Per Sartre “il nulla immaginario, pur restando nulla, può produrre effetti reali” (Sartre, 2005, p. 74), e Slavoj Žižek va oltre questa convinzione, affermando che gli elementi della triade reale-immaginario-simbolico sono intrecciati nel senso più radicale e possono essere distinti solo da un punto di vista metodologico. Žižek, come già Sartre, pur essendo filosofo, non ha timore di confrontarsi con un pensiero extrafilosofico, con l’universo letterario, con l’arte e con il cinema. Essendo fra l’altro interprete e co-autore di due film, dimostra con indiscutibile legittimità che l’immersione nell’immaginario si può conseguire solo attraversandone il territorio espressivo in tutta la sua potenziale estensione, e non a caso dichiara qualsiasi codice e terreno simbolico “luogo di enunciazione” (Žižek, 2016).
Per i cultori della letteratura per l’infanzia l’immaginario è dimensione privilegiata e interdipendente con l’universo delle narrazioni e delle illustrazioni. Secondo Antonio Faeti l’accoglimento e la cura dell’universo immaginario asseconda la raccomandazione di Giovanni Pascoli relativa alla Poetica del fanciullino, che a suo avviso non è solo la dichiarazione estetico-filosofica per cui è conosciuto, ma anche un testo profondamente pedagogico, poiché libera l’infanzia dal pregiudizio di adultità incompleta nel quale in passato era stata collocata e le restituisce non solo un’identità propria, ben riconoscibile e rispettabile, ma la indica addirittura come dimensione a cui anche l’adulto può tendere, orizzonte poetico e cognitivo da preservare.
Se c’è, infatti, un programma di vita che aderisce davvero alle trame incontrollabili di una società complessa come la nostra, è quello che si fonda su un’interiore disponibilità ad ascoltare molte voci, per poter essere, di volta in volta, cauti e ragionevoli (o anche rassegnati) come gli anziani, ma anche attenti alle novità, alle rapidissime evoluzioni di un immaginario collettivo al quale il fanciullino pascoliano sembra già guardare, come se fosse un nostro contemporaneo (Faeti, 2018, p. 208).
Alberto Castoldi è autore di un volume illuminante e provocatorio: In carenza di senso. Logiche dell'immaginario.
Secondo Castoldi la concezione stessa di immaginario costituisce una risposta alla crisi delle certezze della modernità, e dà importanza a quelle esperienze che, pur non prescindendo dalla razionalità, non sono in essa integralmente riassorbibili, come tutto ciò che appartiene alla sfera del desiderio e della pulsionalità.

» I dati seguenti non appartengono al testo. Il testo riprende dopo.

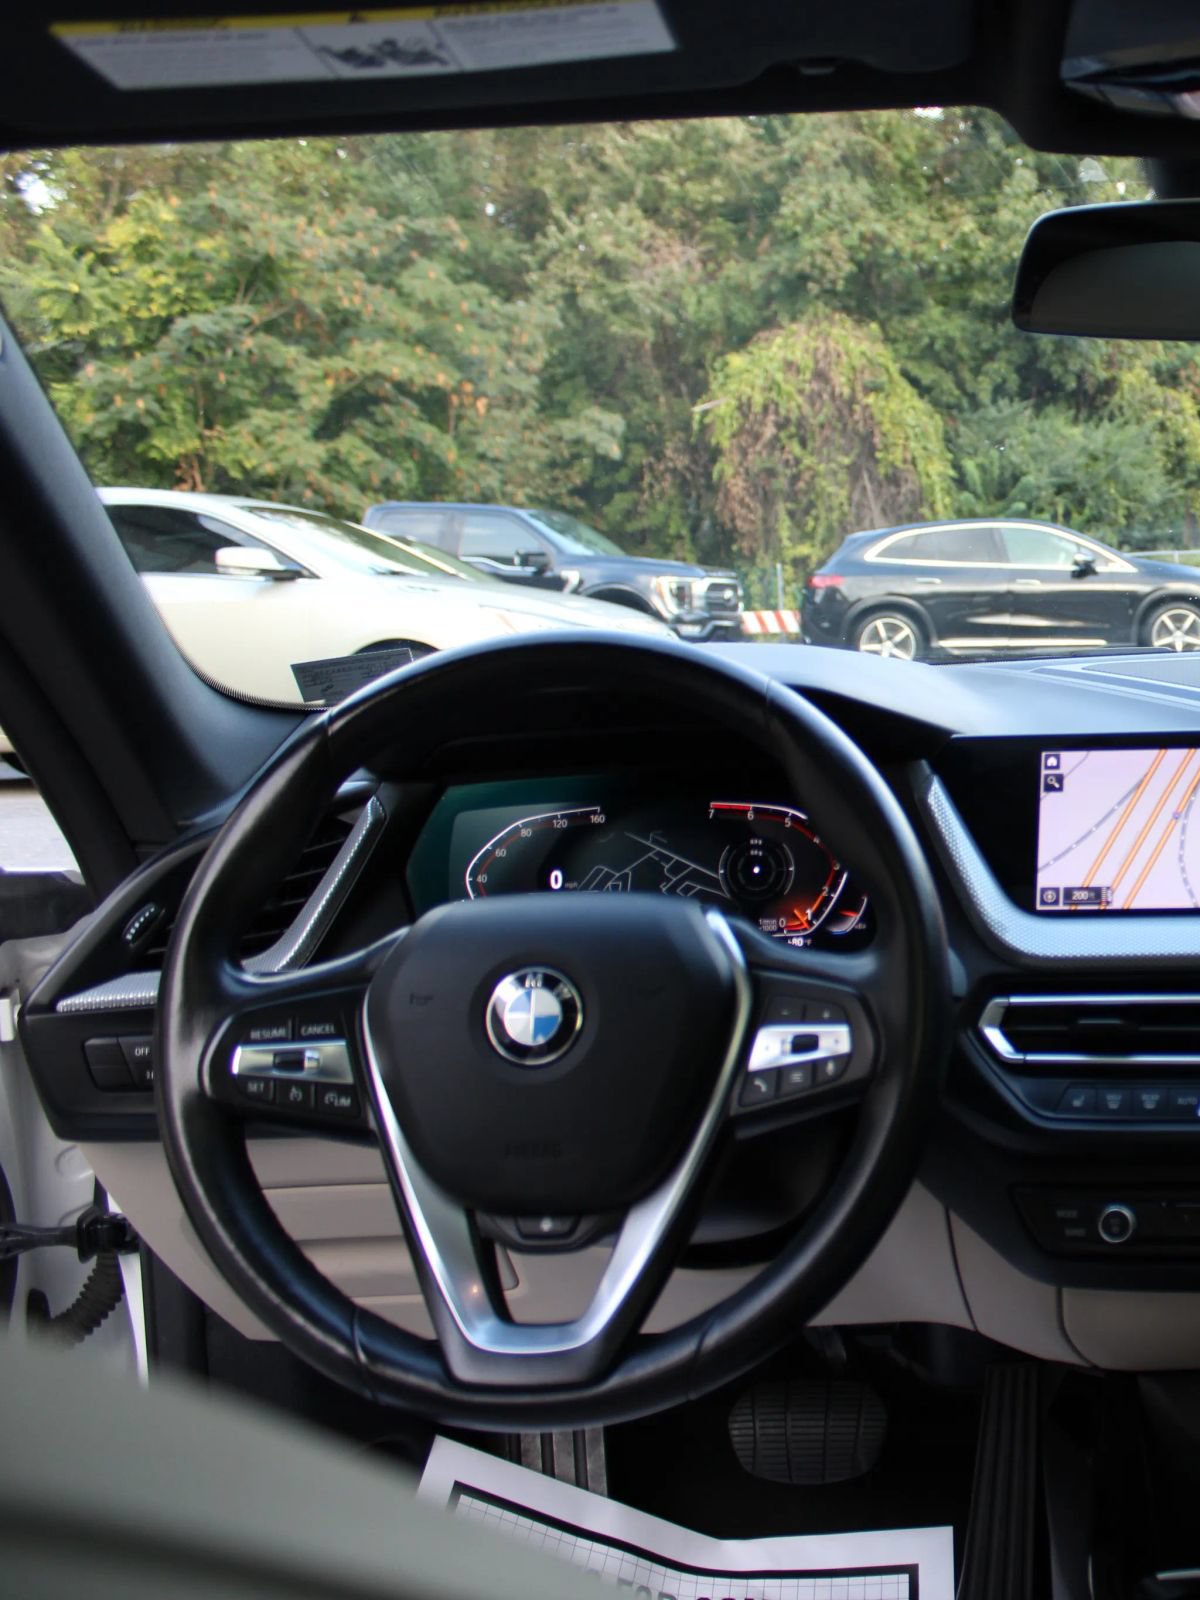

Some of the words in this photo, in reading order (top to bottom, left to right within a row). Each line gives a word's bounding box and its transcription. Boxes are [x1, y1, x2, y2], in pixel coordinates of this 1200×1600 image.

[590, 814, 605, 824] 160
[708, 809, 715, 819] 7
[747, 811, 754, 821] 6
[553, 819, 568, 829] 120
[784, 817, 792, 828] 5
[520, 828, 532, 838] 80
[495, 849, 507, 858] 60
[476, 874, 488, 884] 40
[550, 869, 563, 890] 0
[822, 886, 829, 897] 2
[1071, 891, 1089, 900] 200
[805, 908, 812, 921] 1
[778, 918, 787, 929] 0
[250, 1026, 288, 1040] RESUME
[300, 1023, 336, 1037] CANCEL
[134, 1046, 150, 1057] OFF
[247, 1081, 265, 1093] SET
[334, 1096, 352, 1107] LIM

Secondo Castoldi l’immaginario ci mette in grado di dare forma a un “fai da te” intellettuale che coniuga letteratura, arti visive e antropologia.

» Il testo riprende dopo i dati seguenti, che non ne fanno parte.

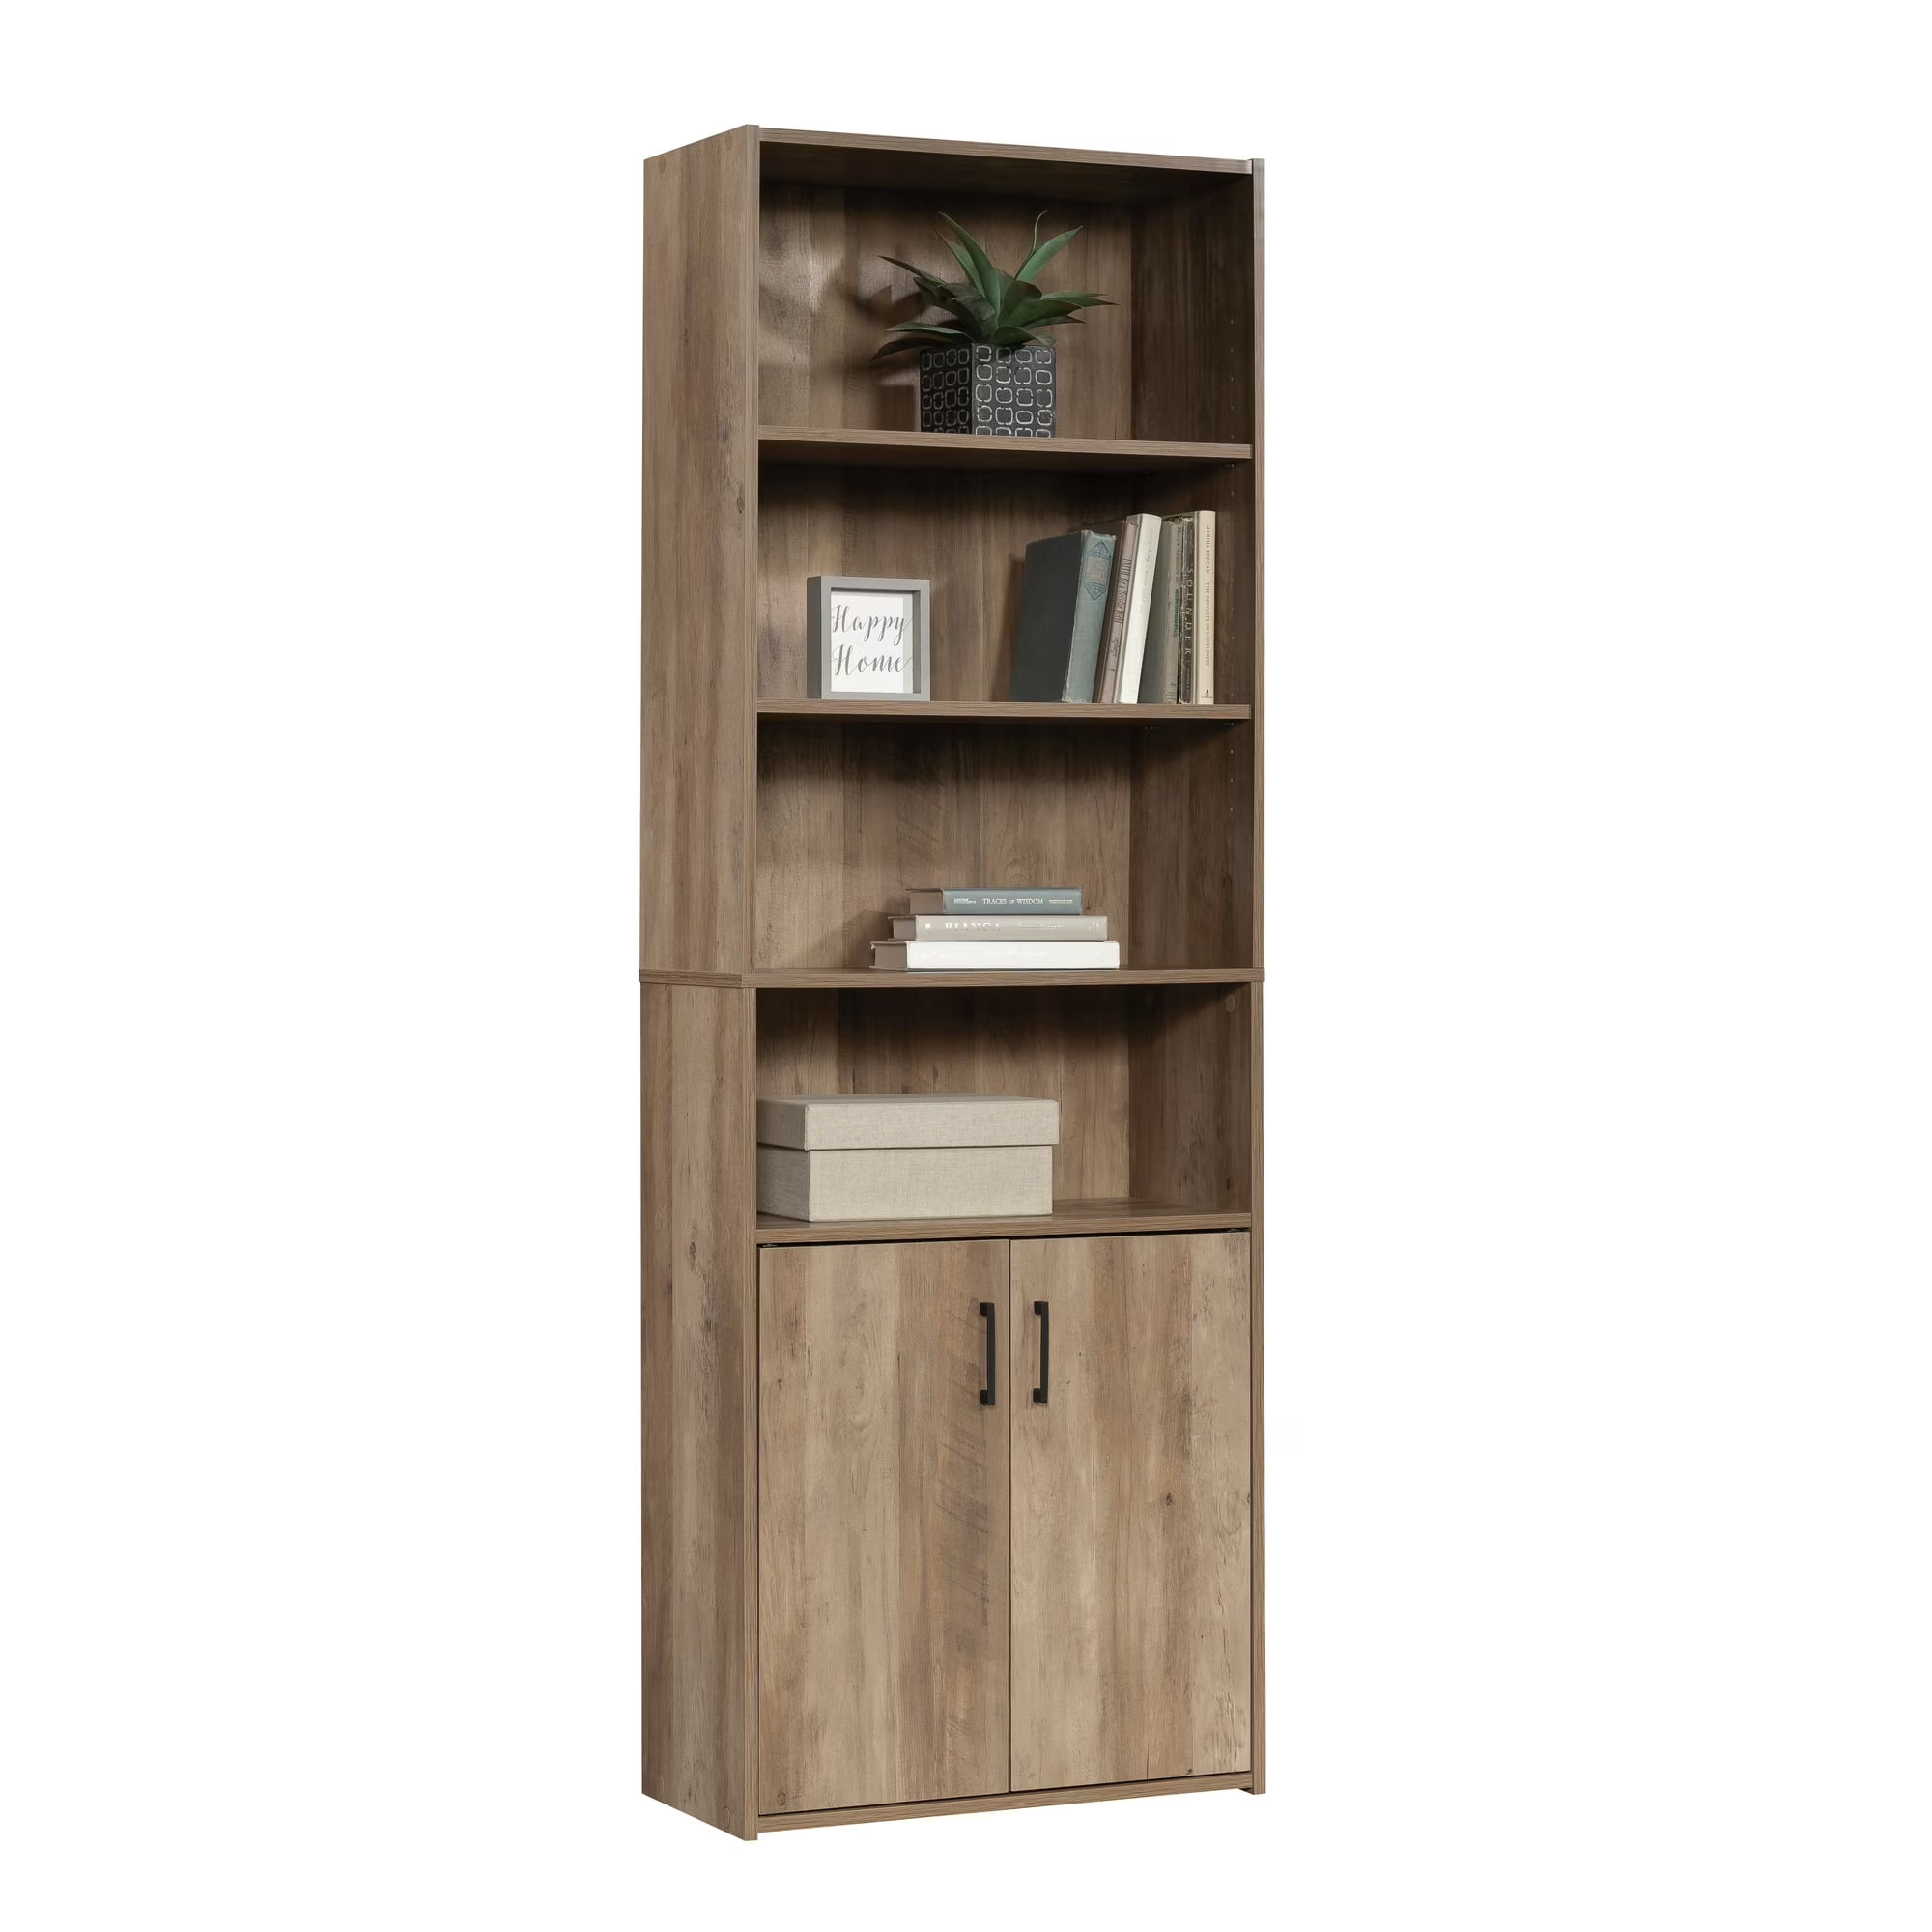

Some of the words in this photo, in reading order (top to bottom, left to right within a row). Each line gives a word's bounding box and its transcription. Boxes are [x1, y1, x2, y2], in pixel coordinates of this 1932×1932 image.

[831, 604, 912, 646] Happy
[1184, 568, 1194, 655] SOUNDER
[831, 644, 913, 676] Home

Castoldi ricorda che il poeta Paul Valery afferma che l’essenza propria della letteratura è nel destino di dissolversi e di essere irrimediabilmente distrutta; resta però, generato da essa, l’immaginario, che Valery definisce “significante fluttuante”.
Potremmo dire, pertanto, che l’immaginario è da sempre il tentativo da parte dell’uomo, tramite i più diversi procedimenti narrativi (e quindi anche segnici, pittorici, musicali, eccetera) di abitare in un mondo inteso come indefinita possibilità di senso, di prendere coscienza di sé e di comunicare con altri, proprio grazie al potere universalizzante della narrazione, che dà forma all’informe (Castoldi, 2012, p. 8).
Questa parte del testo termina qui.